Monday, 7 May, 2018 - 14:15

From the 14th and 19th May the Cultural Centre will host an exhibition of bonsai organised by the Club Bonsai Marina Alta, an exhibition that aims to raise awareness of this age-old technique of cultivation and care of trees in miniature. To learn more about this art and the exhibition, we interviewed Luis Clemente, resident in Calp, member of the association and passionate about bonsais.




- What will people find in this bonsai exhibition?

Luis Clemente: It is an exhibition of about 40 to 50 trees, of various species although the majority are native trees; there are olive trees, pomegranates, fig trees, carob trees, pines, etc.

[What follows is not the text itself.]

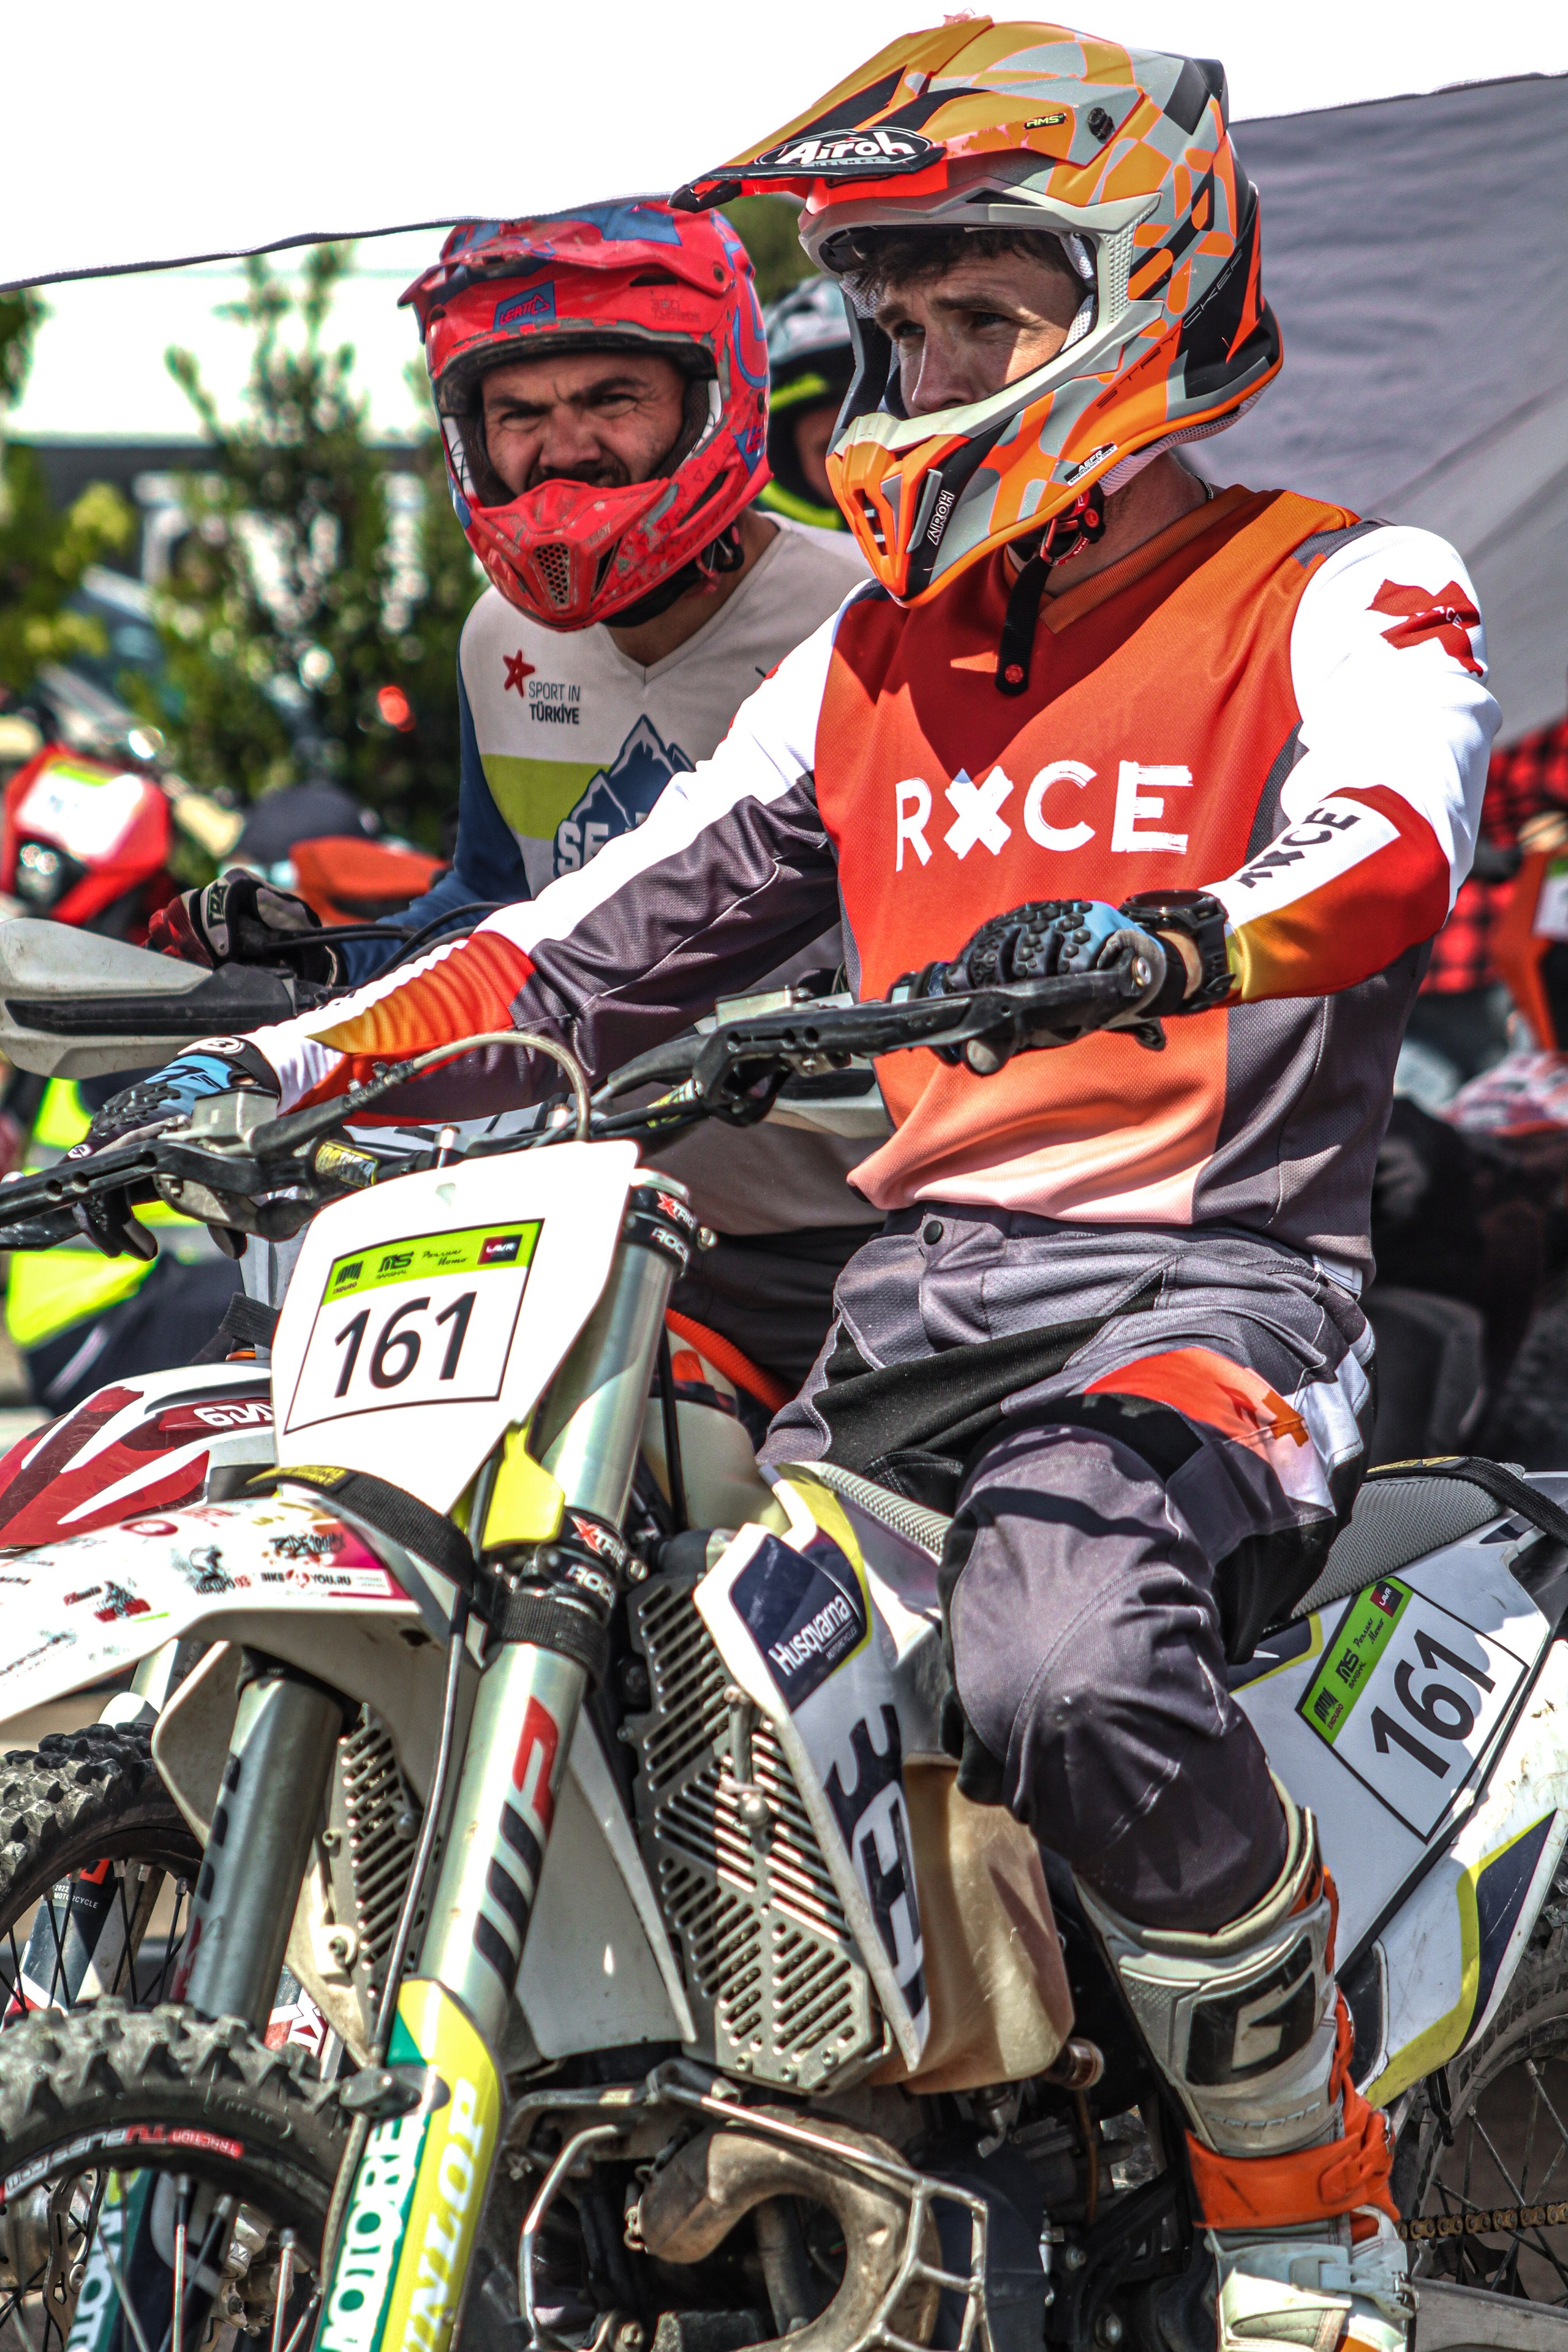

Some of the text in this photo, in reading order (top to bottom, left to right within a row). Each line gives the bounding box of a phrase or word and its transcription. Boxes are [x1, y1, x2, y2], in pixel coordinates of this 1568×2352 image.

The exhibition shows a wide variety of trees; all accompanied by a set of ornamentation that seeks to create an atmosphere of tranquillity and relaxation typical of this art.



- What is the Club Bonsai Marina Alta?

L.C.: We are a group of friends who have a common hobby; the club was founded in 1995 to consolidate the meetings of a group of people interested in sharing experiences and deepening knowledge of the cultivation and formation of bonsai. It is made up of people from all over the region and we usually meet in Xaló every 15 days.


- What can do someone interested in this hobby?

L.C.: Those who want to learn can approach and get in touch with the club, everybody will be welcome. We try to learn from the experience of others, although sometimes we do workshops linked to some exhibitions. Bonsai enthusiasts try to imitate nature, there are easier species to start and we mostly work with native trees.


- How did this hobby come to you?

L.C.: I have always liked bonsai but I had respect, I was looking for an alternative to work, a hobby that allowed me to relax, I approached the club and I get hooked from the beginning. Making bonsai is not expensive, basic materials and tools are required but what you really need is a lot of patience.

The care of a bonsai never ends, you start to work with a tree and you know its different stages, but they are living beings and they grow and change, so their care never ends.


- In a society marked by hurry, lack of time and stress, does this millennial hobby have a future?

L.C.: It has a future, and it increases gradually, because it is an activity that involves reflection and exercises patience; when you get home stressed, the tree, which has its own rhythm, teaches you that you must be patient. It particularly helps me to relax. In fact, the Japanese culture works a lot in reflection and patience.